**DATA TO EXAMINE**.

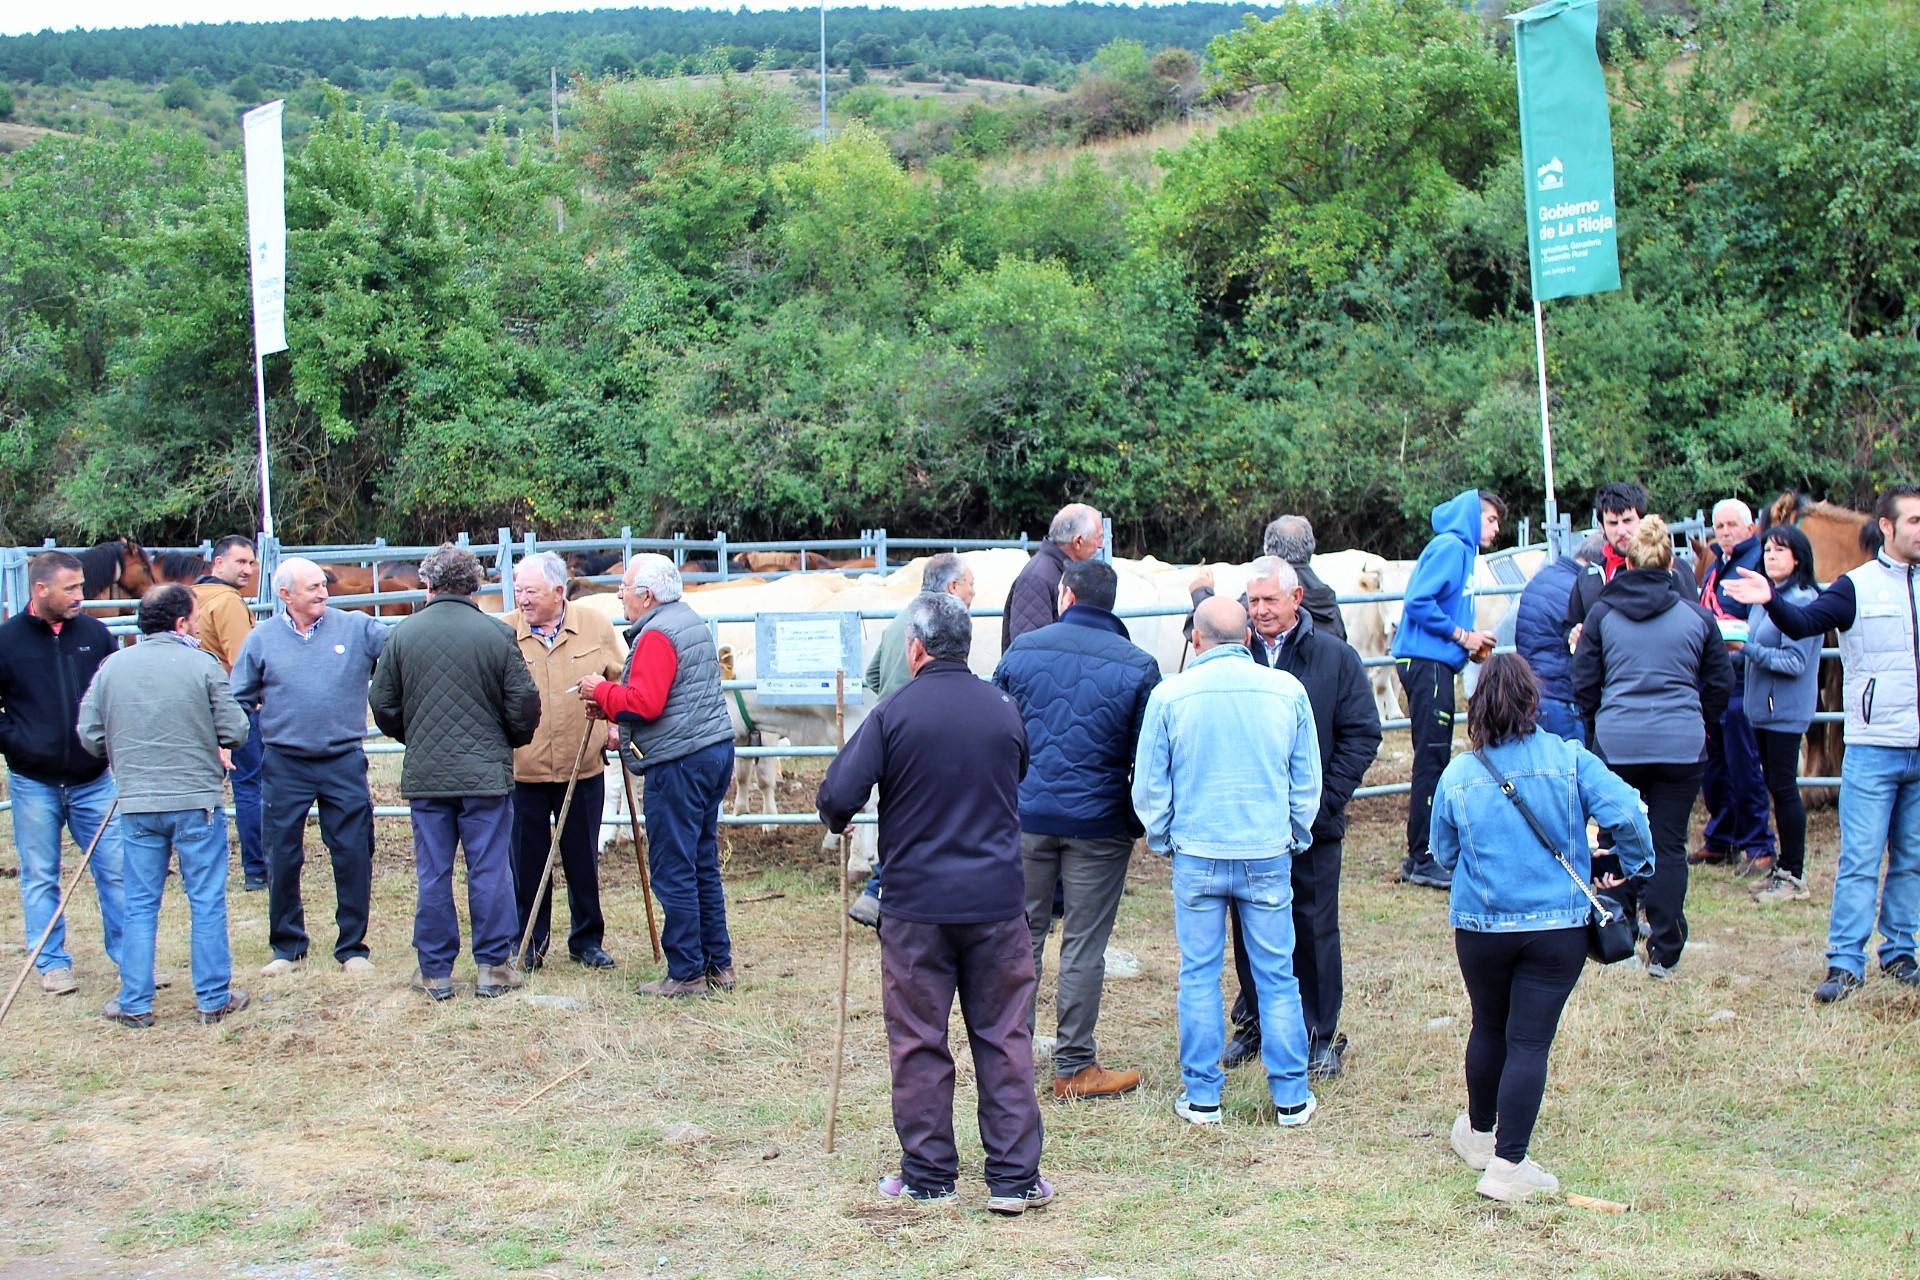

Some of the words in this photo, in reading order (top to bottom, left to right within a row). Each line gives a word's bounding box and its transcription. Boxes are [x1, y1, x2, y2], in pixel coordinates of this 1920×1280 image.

[1539, 200, 1599, 221] Gobierno
[1540, 225, 1555, 240] de
[1559, 222, 1574, 237] La
[1577, 214, 1613, 233] Rioja

**WORK TASK**.
A faithful, word-for-word copy of the data is needed; the pictures should not appear in it.

**ANSWER TO THIS TASK**.
Some of the words in this photo, in reading order (top to bottom, left to right within a row). Each line gives a word's bounding box and its transcription. Boxes are [x1, y1, x2, y2], in pixel coordinates of this 1920×1280 image.

[1539, 200, 1599, 221] Gobierno
[1540, 225, 1555, 240] de
[1559, 222, 1574, 237] La
[1577, 214, 1613, 233] Rioja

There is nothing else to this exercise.